== Work instruction ==
Whatever appears in the records, retype it exactly, except for the pictures.

BEGIN The input

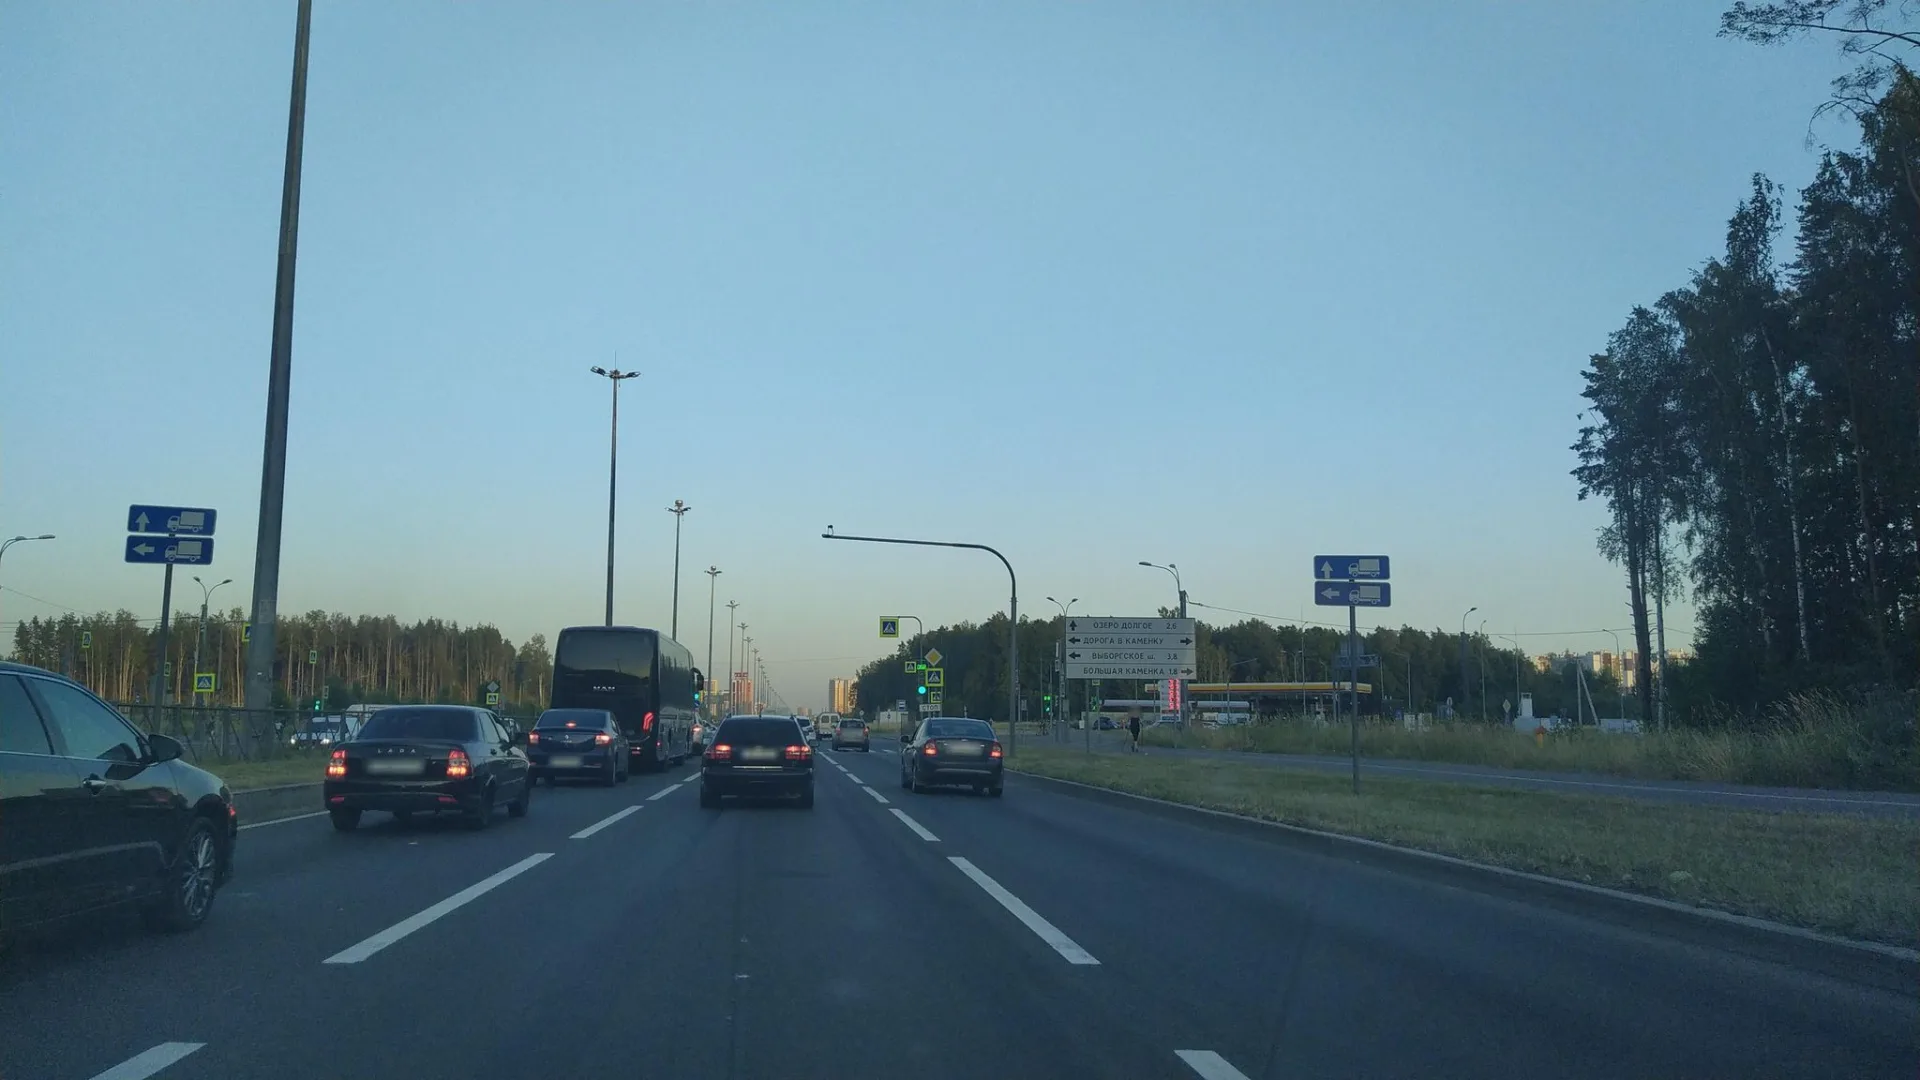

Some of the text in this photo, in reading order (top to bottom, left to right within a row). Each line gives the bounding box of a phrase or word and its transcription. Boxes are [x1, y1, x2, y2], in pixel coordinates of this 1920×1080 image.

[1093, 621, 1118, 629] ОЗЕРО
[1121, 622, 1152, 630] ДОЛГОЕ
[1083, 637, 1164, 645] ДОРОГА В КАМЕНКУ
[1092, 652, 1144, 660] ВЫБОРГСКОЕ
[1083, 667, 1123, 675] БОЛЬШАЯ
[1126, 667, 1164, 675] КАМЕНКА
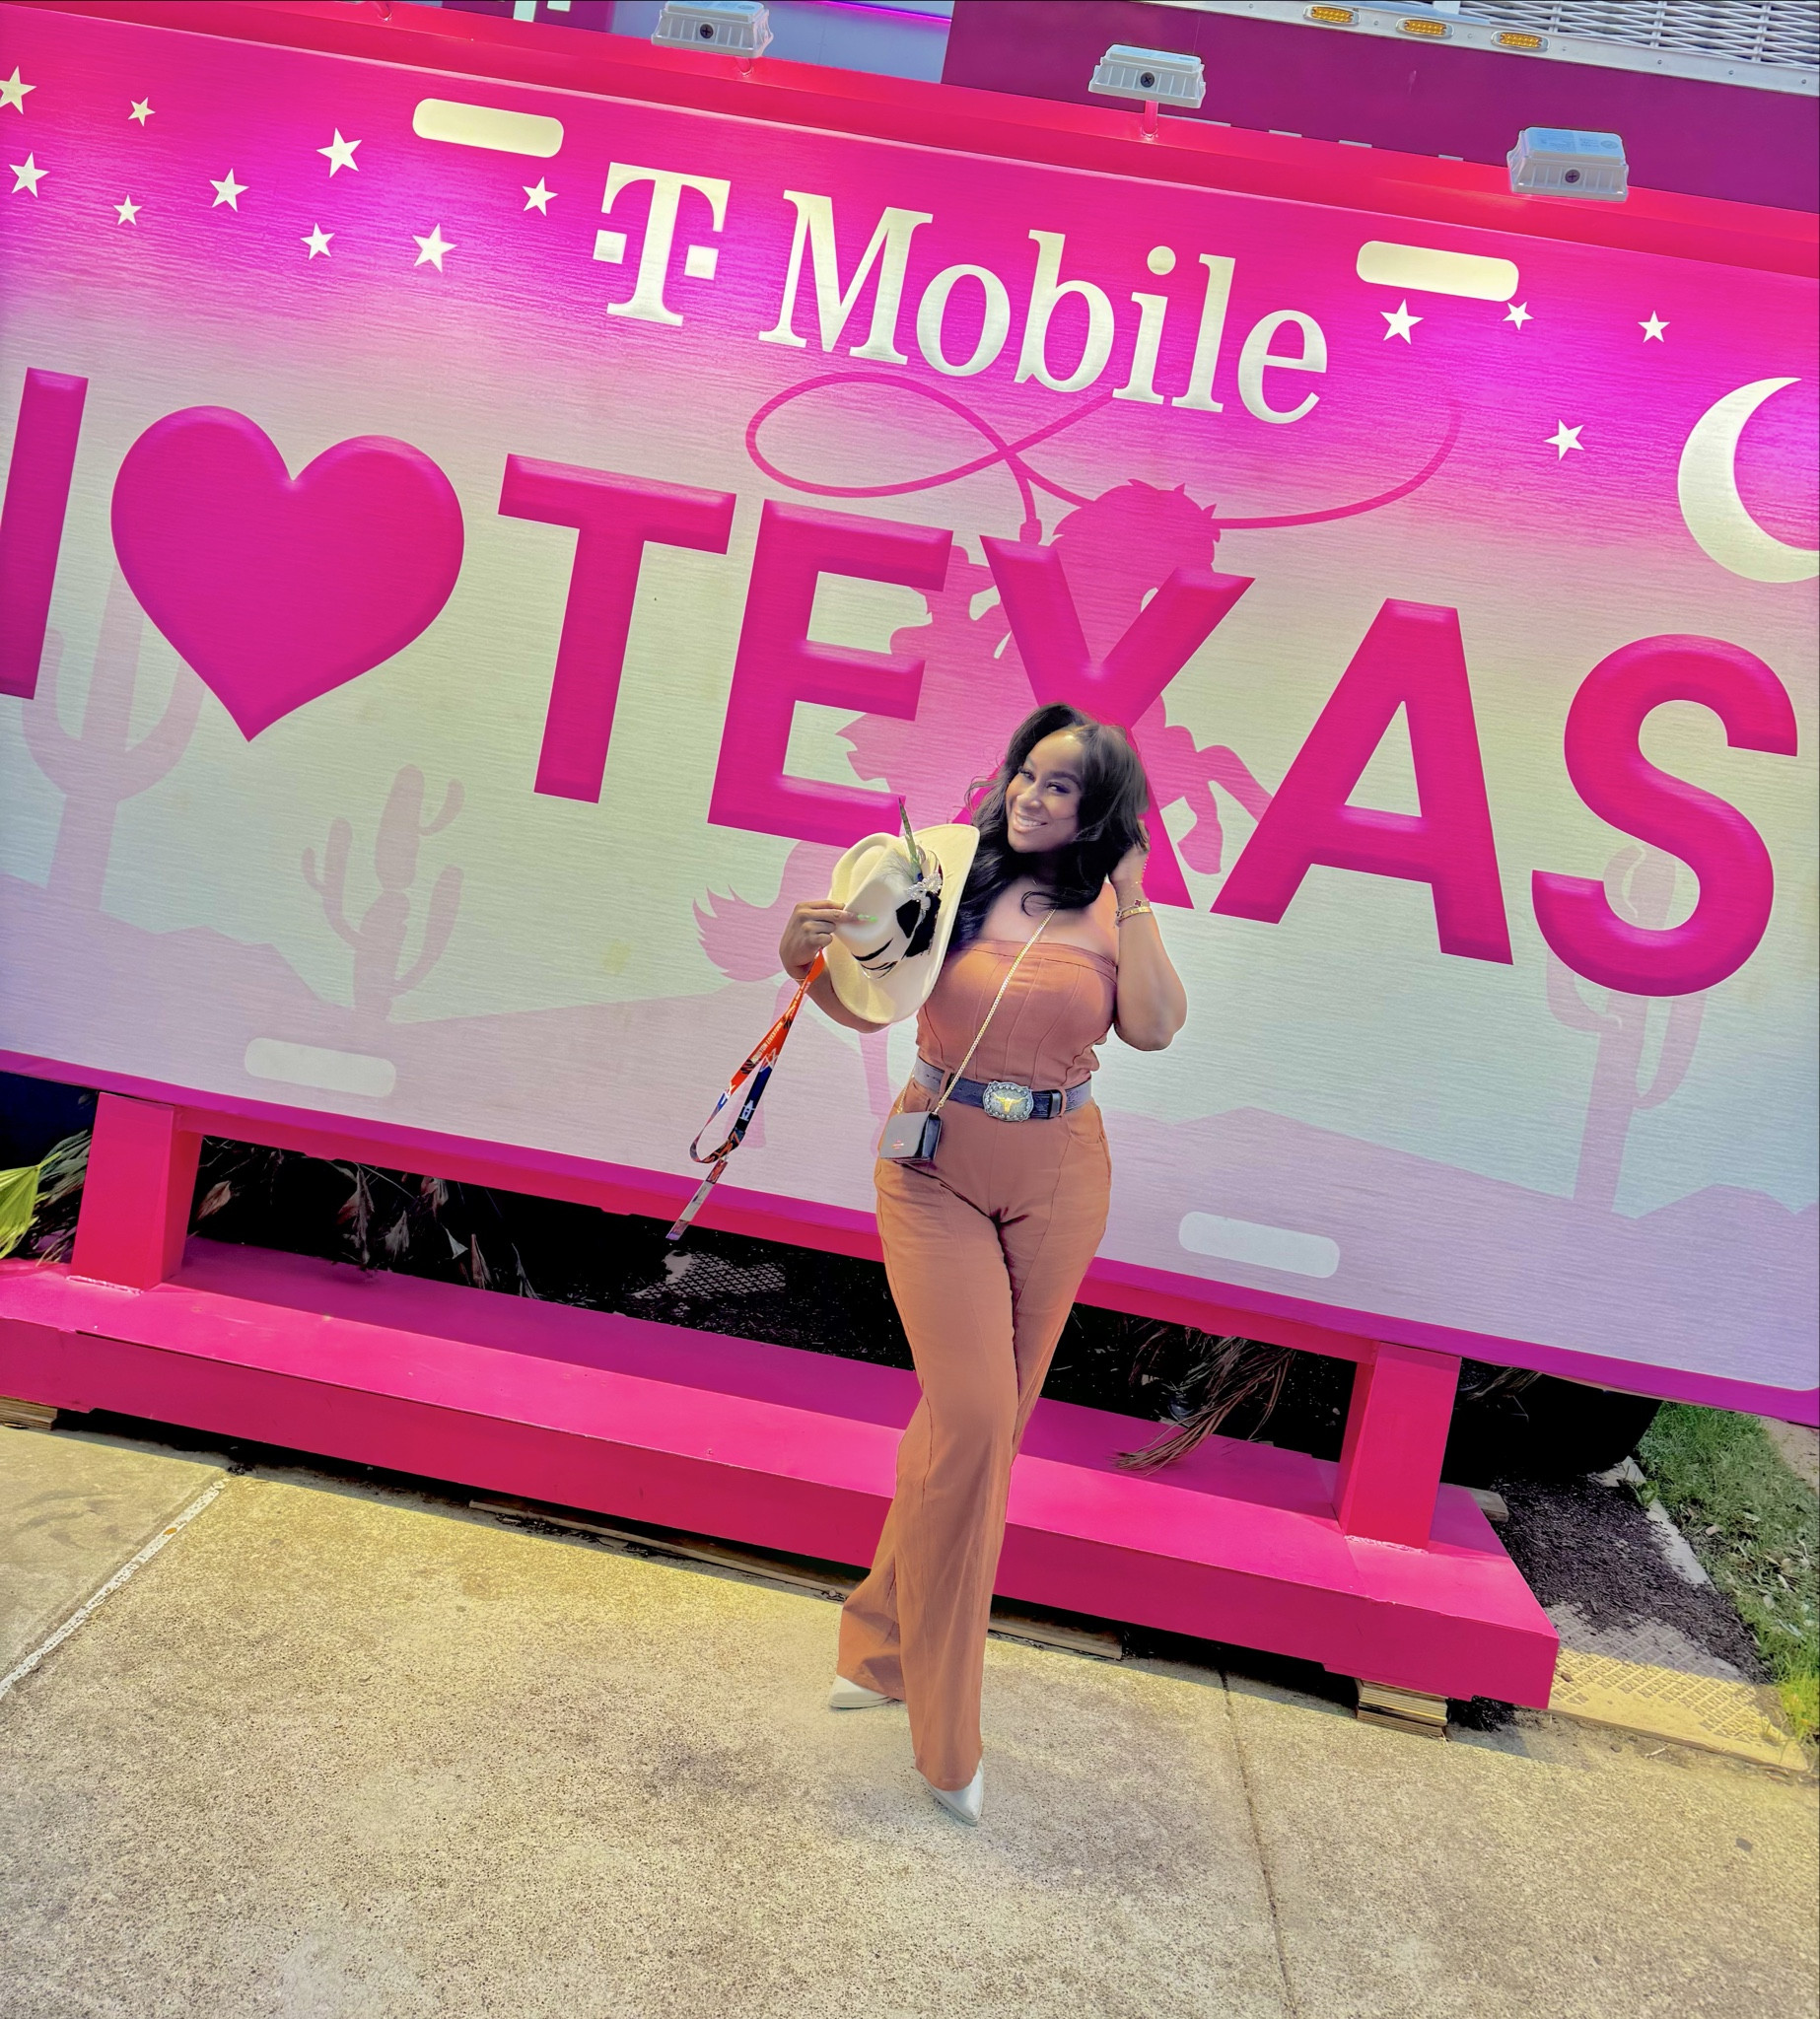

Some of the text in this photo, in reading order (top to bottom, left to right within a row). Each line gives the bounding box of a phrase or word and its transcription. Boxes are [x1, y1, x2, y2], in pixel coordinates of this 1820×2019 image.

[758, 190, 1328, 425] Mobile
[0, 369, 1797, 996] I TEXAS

END The input

== Reply to the exercise ==
Some of the text in this photo, in reading order (top to bottom, left to right within a row). Each line gives the bounding box of a phrase or word and its transcription. Boxes are [x1, y1, x2, y2], in pixel coordinates of this 1920×1080 image.

[1093, 621, 1118, 629] ОЗЕРО
[1121, 622, 1152, 630] ДОЛГОЕ
[1083, 637, 1164, 645] ДОРОГА В КАМЕНКУ
[1092, 652, 1144, 660] ВЫБОРГСКОЕ
[1083, 667, 1123, 675] БОЛЬШАЯ
[1126, 667, 1164, 675] КАМЕНКА

Some of the text in this photo, in reading order (top to bottom, left to right within a row). Each line gives the bounding box of a phrase or word and its transcription. Boxes are [x1, y1, x2, y2], in pixel coordinates of this 1820×2019 image.

[758, 190, 1328, 425] Mobile
[0, 369, 1797, 996] I TEXAS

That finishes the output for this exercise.